Vincentio Saviolo (d. 1598/9) was an Italian fencing master, who wrote one of the first books on fencing to be available in the English language.

==Biography==
Saviolo was born in Padua. He arrived in London at an unknown date and is first noted as being in England in 1589 when Richard Jones obtained a licence to publish his "Book of Honour". In 1591 John Florio described Saviolo's fencing school as being "in the little street where the well is...at the sign of the red Lyon." It was described by the English gentleman and fencing writer George Silver as being "within a bow shot" of what was later the Bell Savage or la Belle Sauvage, at this time "Savage's inn, otherwise called the Bell on the Hoop" ( Inns and Taverns of Old London by Henry C. Shelley, 1909), on Ludgate Hill. Saviolo's particular nemesis was this George Silver, who wrote his own book in 1599 to defend traditional English Swordsmanship against the encroachment of Italian rapier fencing and in doing so launched a vociferous attack on Saviolo and his system. Silver recounts how Saviolo's associate Jeronimo was killed in a sword fight by an Englishman known only as Cheese, but omits details of Saviolo's death (merely stating that he was dead by the time his own book was published in 1599). This suggests that Saviolo did not die at the hands of another swordsman.

Throughout the 16th century, handbooks became increasingly popular. In 1595, John Wolfe printed Vincentio Saviolo, his practise, in two bookes, the first intreating of the use of the Rapier and Dagger, the second of Honor and honorable quarrels in London. The first part of this work was written as a conversation between Saviolo and an imaginary student (a structure common in 16th-century handbooks). This part undertakes to instruct in the rapier and dagger fencing techniques of Saviolo's day. Saviolo did not teach the lunge, rather recommending circular movement around the opponent in the manner of contemporary Spanish rapier fencers. The second part, Of Honor and Honorable Quarrels, deals with dueling etiquette. Much of the material comes from the works of Girolamo Muzio, written in 1558.

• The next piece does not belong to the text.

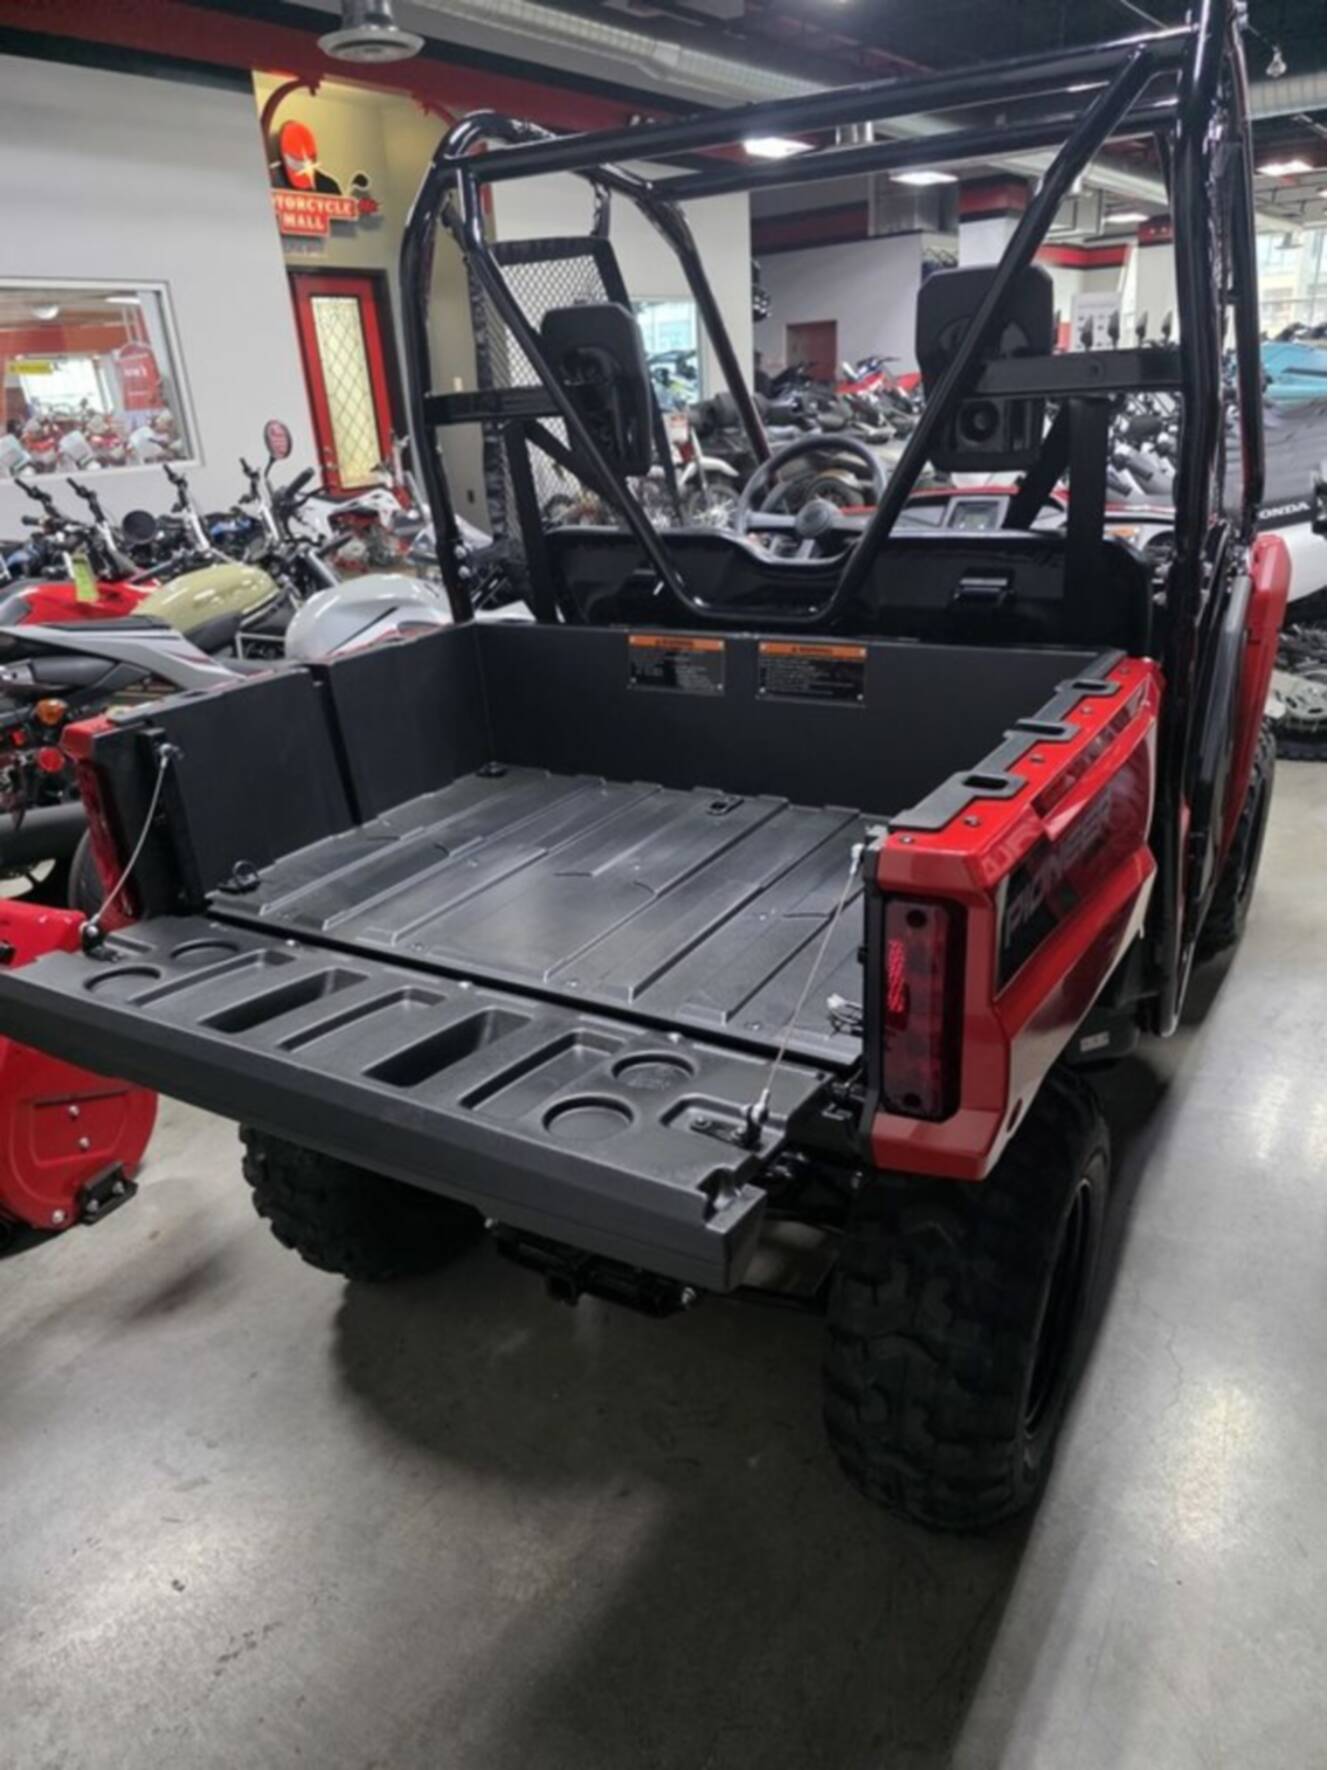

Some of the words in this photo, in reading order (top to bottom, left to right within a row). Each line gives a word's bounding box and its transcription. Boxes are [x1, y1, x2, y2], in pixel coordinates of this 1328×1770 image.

[272, 194, 353, 215] TORCYCLE
[283, 213, 325, 230] MALL
[1258, 502, 1310, 519] ONDA

== Modern Reconstruction ==
Despite being written in English, Saviolo's system has not proved as popular to those reconstructing historical rapier fencing as some other systems (such as the Italian rapier fencing systems of Salvator Fabris, Nicoletto Giganti and Ridolfo Capo Ferro. An early exponent of Saviolo's system was Stephen Hand of the Stoccata School of Defence in Australia who published annotated transcriptions of Saviolo's first book in the periodical Hammerterz Forum in the late 1990s and a paper outlining the cultural influences on Saviolo's system in 2002. Other notable practitioners of Saviolo's system include Cecil Longino of Academia Della Spada in Seattle, USA and Chris Chatfield of the 1595 Club in London and Brighton, U.K., Henry Walker and James Wran of Brisbane Swords, Australia.